John Keats, 'Ode to a Nightingale', read by Ben Whishaw, from the soundtrack to Bright Star.
You couldn't have a Romantic playlist with no poetry on it. I love this reading of 'Ode to a Nightingale', and Ben Whishaw is a wonderful Keats in Bright Star. He reads this poem with great sensitivity, and Mark Bradshaw's arrangement of the Adagio from Mozart's Serenade No 10 in B Flat Major complements his reading beautifully.

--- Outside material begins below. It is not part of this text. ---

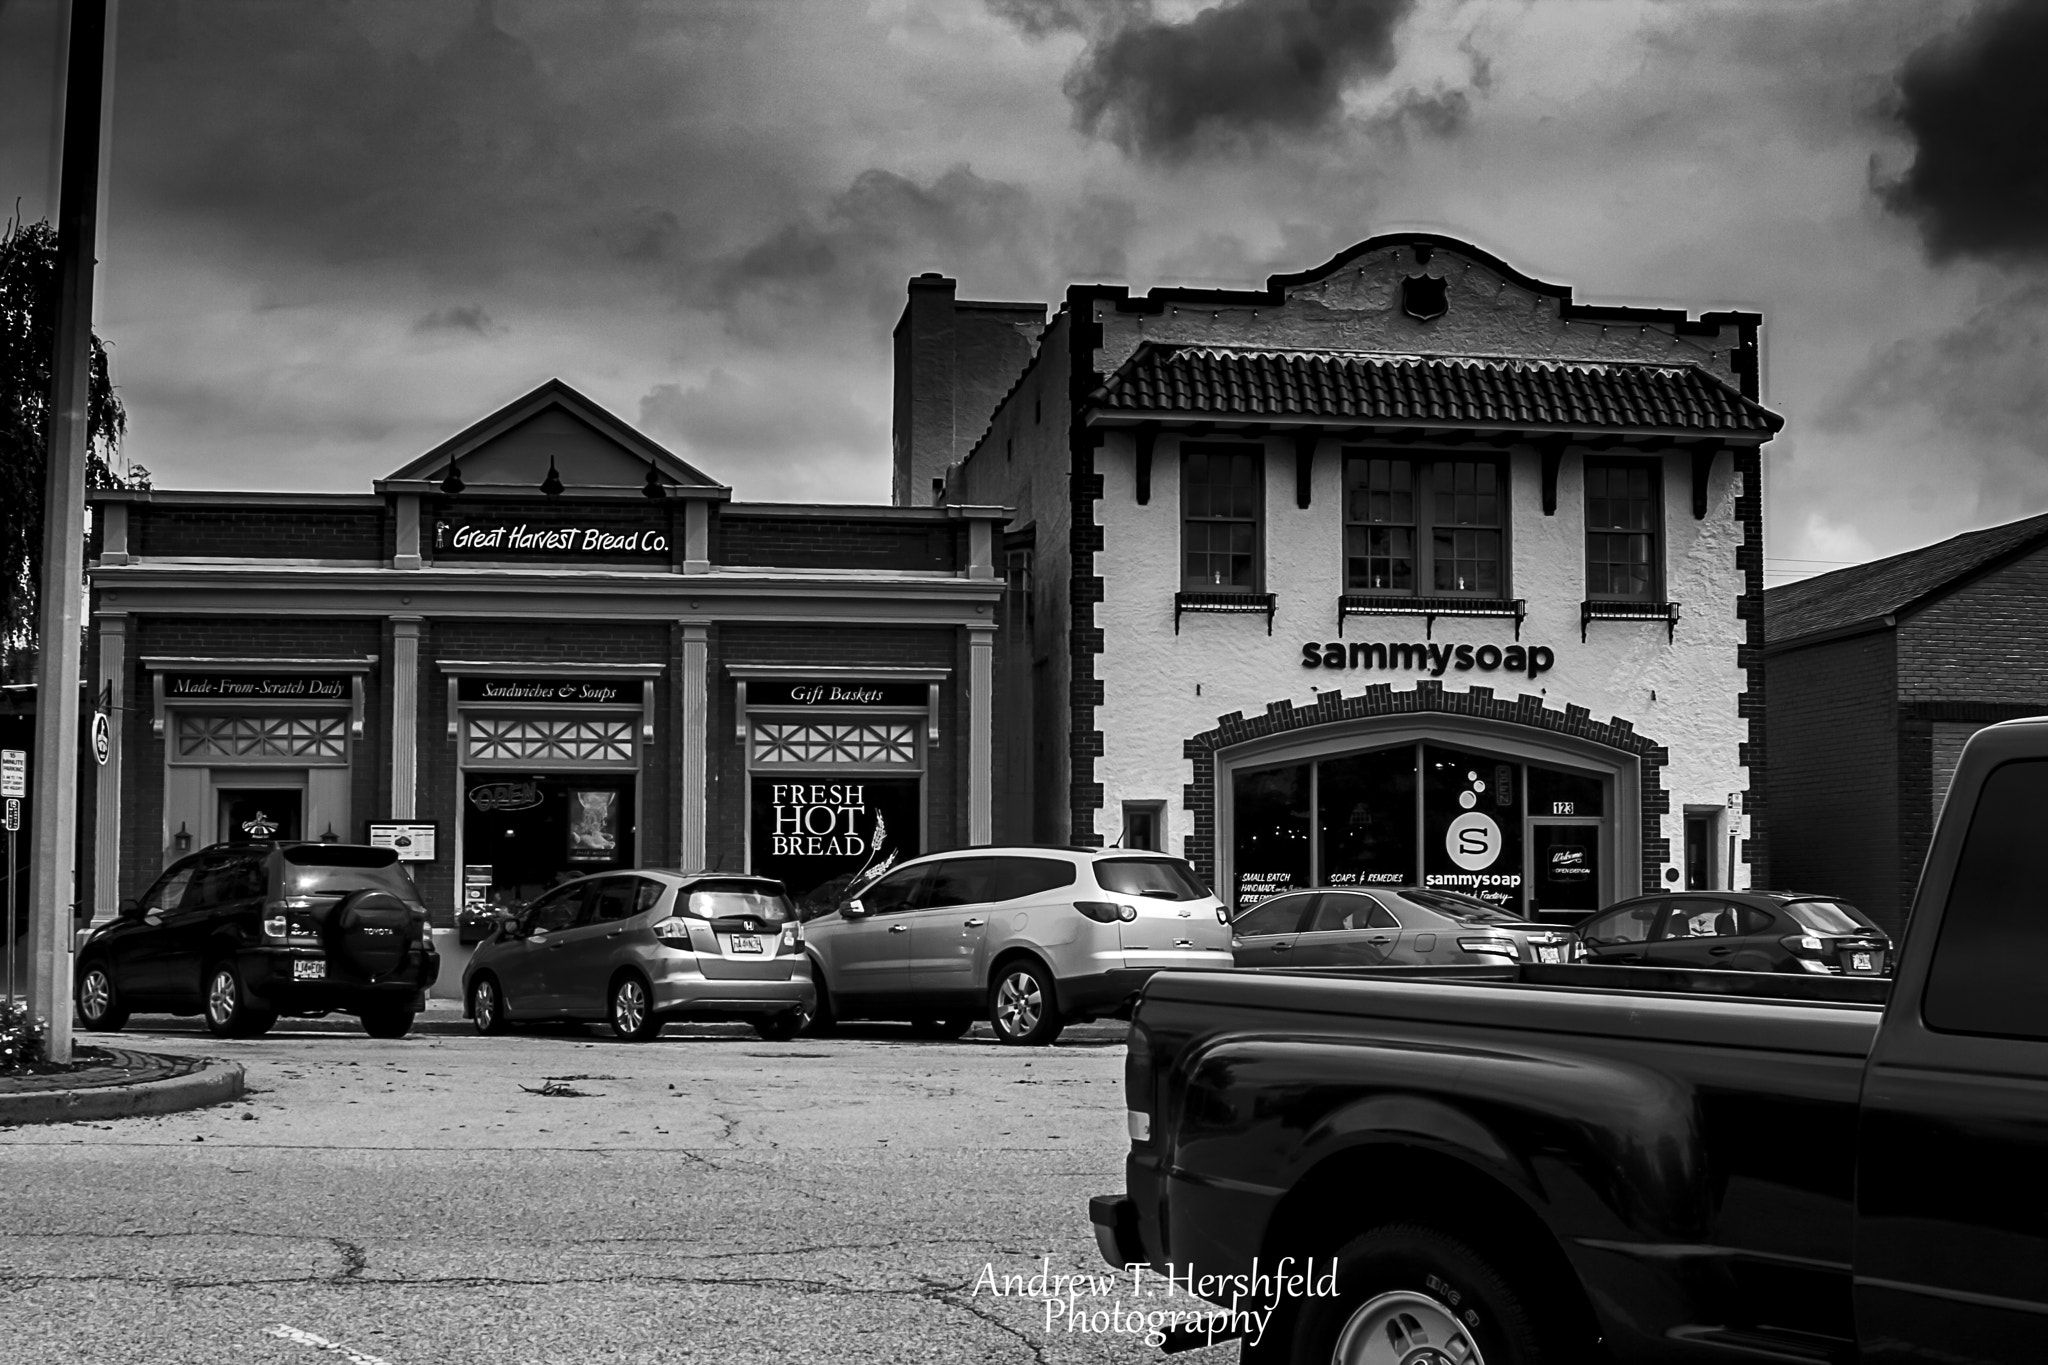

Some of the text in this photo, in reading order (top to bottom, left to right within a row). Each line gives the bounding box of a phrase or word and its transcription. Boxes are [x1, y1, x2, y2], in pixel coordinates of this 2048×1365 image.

'Everybody's Changing' by Lily Allen
One of the things which struck me most acutely when I came to think about how to structure my book was that the experience of being a Romantic among friends depended very much on one's position in the group: on whether one was a husband, a wife, a mistress, a sister, or a parent. I was also struck by the fact that it was the group's women who tended to pay the price for shared ideals. In particular, Mary Shelley had to grow up extremely quickly. She was always precocious but between her sixteenth and twentieth birthdays she became a published author, a wife and mother, and the mistress of a sizable house. Some of the tensions which crept into her relationship with Shelley centred around this change from passionate, idealistic girl to professional, responsible woman. So in that spirit, here is Lily Allen's cover of Keane's song about the disjunctions change can bring to relationships. 'But everybody's changing/ And I don't feel the same.'
'Absent Friends' by The Divine Comedy
Shelley, Mary and Claire left England in 1818 to take Claire's daughter to Byron in Italy. Their departure fractured the group of friends Hunt had cultivated and celebrated, and meant that both he and Shelley had to find ways of keeping their friendship alive despite the geographical distance between them. They wrote letters, exchanged portraits and poetry, defended one another from attack, and consoled each other during periods of sorrow and adversity. For Shelley, the importance of friendship was at its strongest during this period, as he turned to thoughts of absent friends to inspire poems such as 'Julian and Maddalo' and 'Letter to Maria Gisborne'. Hunt, meanwhile, continued to celebrate the triumphs of his friends in his newspapers, even as figures such as John Keats began to drift away from his orbit. This is also a song which speaks to my own friendships, since it was one great college friend who originally introduced me to the delights of The Divine Comedy, and another who suggested that one of their songs should be included on this list.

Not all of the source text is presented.